Corrie would later say that some of her last words were, “(we) must tell them what we have learned here. We must tell them that there is no pit so deep that He is not deeper still. They will listen to us, Corrie, because we have been here.”
4. She never looked back
A short time after Betsie’s death, Corrie was miraculously released from the prison camp one week before all other women her age died. Somehow a clerical error had been made. Naturally, Corrie attributed this miraculous escape to God.
She made her way home to Holland to find that she had been changed by her experiences in the camp and was not content to return to her previous life of watchmaking. Like Betsie, she felt God wanted her to go out and tell others about what she had experienced during her time in captivity.
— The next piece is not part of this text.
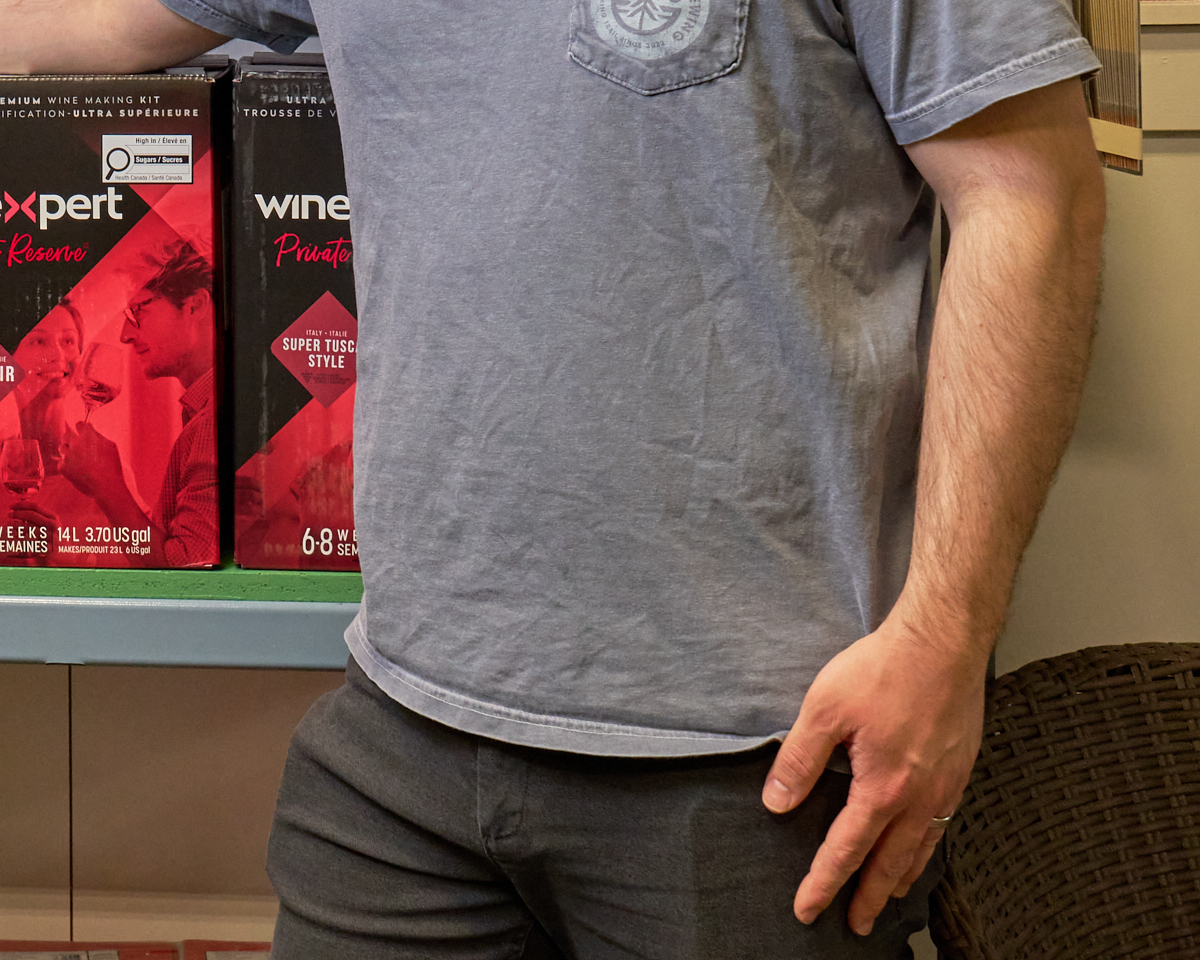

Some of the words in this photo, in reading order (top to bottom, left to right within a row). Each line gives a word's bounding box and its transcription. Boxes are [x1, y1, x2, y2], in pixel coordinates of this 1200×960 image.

[7, 233, 87, 268] Reserve
[274, 232, 352, 269] Private
[283, 337, 320, 352] SUPER
[308, 354, 345, 368] STYLE
Corrie, now aged 53, began to travel and tell everyone about God and the wonderful things He had done in the camp. Over the next 33 years, she wrote several books about her experiences and travelled the world spreading her faith to any who would listen. She even opened a convalescent home for concentration camp survivors.
5. She forgave
One day after a speaking engagement, a man approached her and wanted to shake her hand. To her shock, she realized that he had been one of the prison guards who had treated the women shamefully. Everything within her rebelled at the idea of forgiving the man, but she knew she must.
He told her he had become a Christian and knew God had forgiven him, but that he wanted her to forgive him as well. Reluctantly she took his hands and forced out the words of forgiveness. To her shock, she was filled with the healing power of God and tearfully proclaimed, “I forgive you brother, with all my heart!” By forgiving her former tormenter, she was healed of anger and resentment and filled with peace and love.
This was one of the greatest things she learned and taught. She said, “Forgiveness is an act of the will, and the will can function regardless of the temperature of the heart.” So it was that a quiet, humble spinster learned to be a giant of the faith.
Corrie died peacefully in California on her 91st birthday. An old Jewish belief says that only specially blessed people die on their birthday.